Work request. Every record should be copied exactly, except that pictures are to be omitted.

Free-text object descriptions.

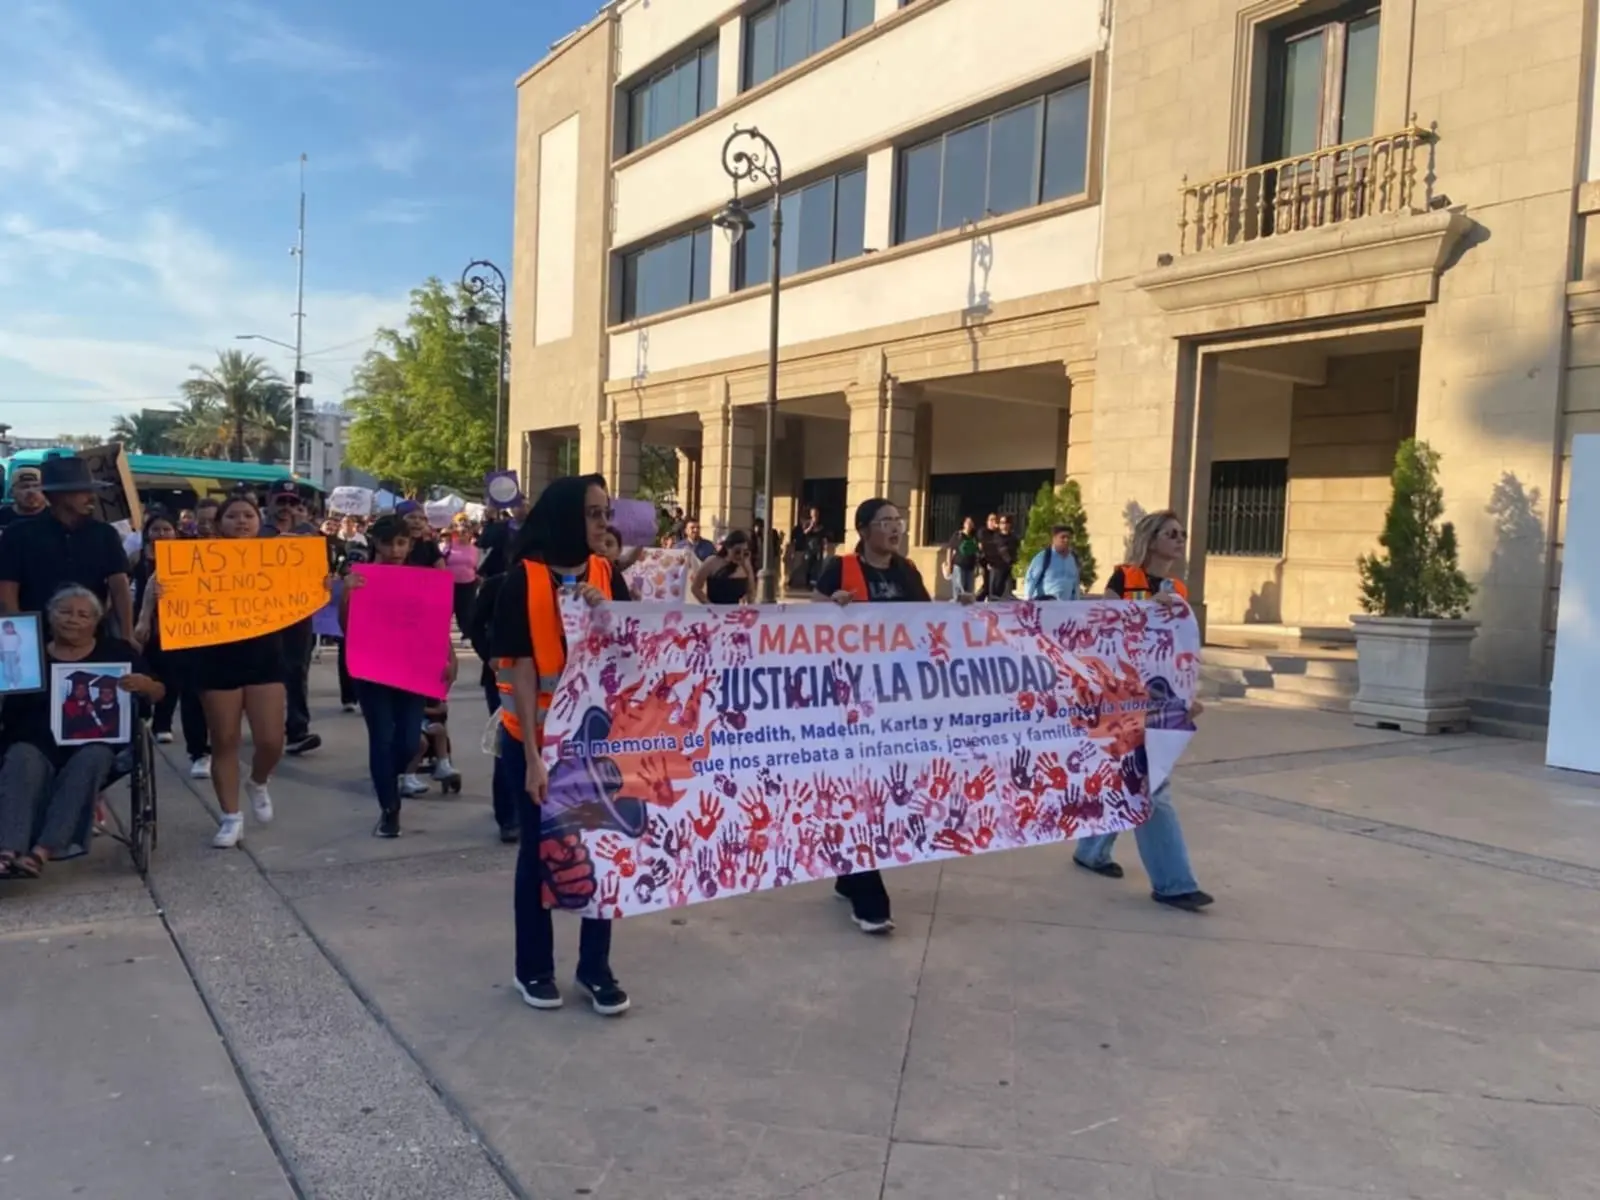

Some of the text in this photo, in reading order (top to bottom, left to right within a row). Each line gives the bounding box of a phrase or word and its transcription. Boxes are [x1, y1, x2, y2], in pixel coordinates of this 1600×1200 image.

[167, 542, 305, 575] LAS Y LOS
[167, 598, 189, 619] NO
[194, 598, 223, 618] SE
[288, 591, 309, 607] NO
[165, 621, 220, 638] VIOLAN
[758, 621, 1008, 655] MARCHA X LA
[716, 654, 1057, 713] JUSTICIA Y LA DIGNIDAD
[562, 739, 584, 755] En
[592, 735, 676, 754] memoria
[683, 731, 704, 749] de
[711, 724, 796, 746] Meredith,
[881, 716, 928, 733] Karla
[934, 717, 943, 732] y
[949, 707, 1030, 727] Margarita
[1035, 709, 1044, 723] y
[1102, 701, 1114, 713] la
[692, 757, 724, 776] que
[730, 755, 760, 770] nos
[766, 747, 839, 767] arrebata
[845, 748, 854, 759] a
[860, 738, 942, 758] infancias,
[1012, 731, 1021, 746] y
[1027, 724, 1088, 742] familias

Solution for this problem.
Some of the text in this photo, in reading order (top to bottom, left to right within a row). Each line gives the bounding box of a phrase or word and its transcription. Boxes are [x1, y1, x2, y2], in pixel coordinates of this 1600×1200 image.

[167, 542, 305, 575] LAS Y LOS
[167, 598, 189, 619] NO
[194, 598, 223, 618] SE
[288, 591, 309, 607] NO
[165, 621, 220, 638] VIOLAN
[758, 621, 1008, 655] MARCHA X LA
[716, 654, 1057, 713] JUSTICIA Y LA DIGNIDAD
[562, 739, 584, 755] En
[592, 735, 676, 754] memoria
[683, 731, 704, 749] de
[711, 724, 796, 746] Meredith,
[881, 716, 928, 733] Karla
[934, 717, 943, 732] y
[949, 707, 1030, 727] Margarita
[1035, 709, 1044, 723] y
[1102, 701, 1114, 713] la
[692, 757, 724, 776] que
[730, 755, 760, 770] nos
[766, 747, 839, 767] arrebata
[845, 748, 854, 759] a
[860, 738, 942, 758] infancias,
[1012, 731, 1021, 746] y
[1027, 724, 1088, 742] familias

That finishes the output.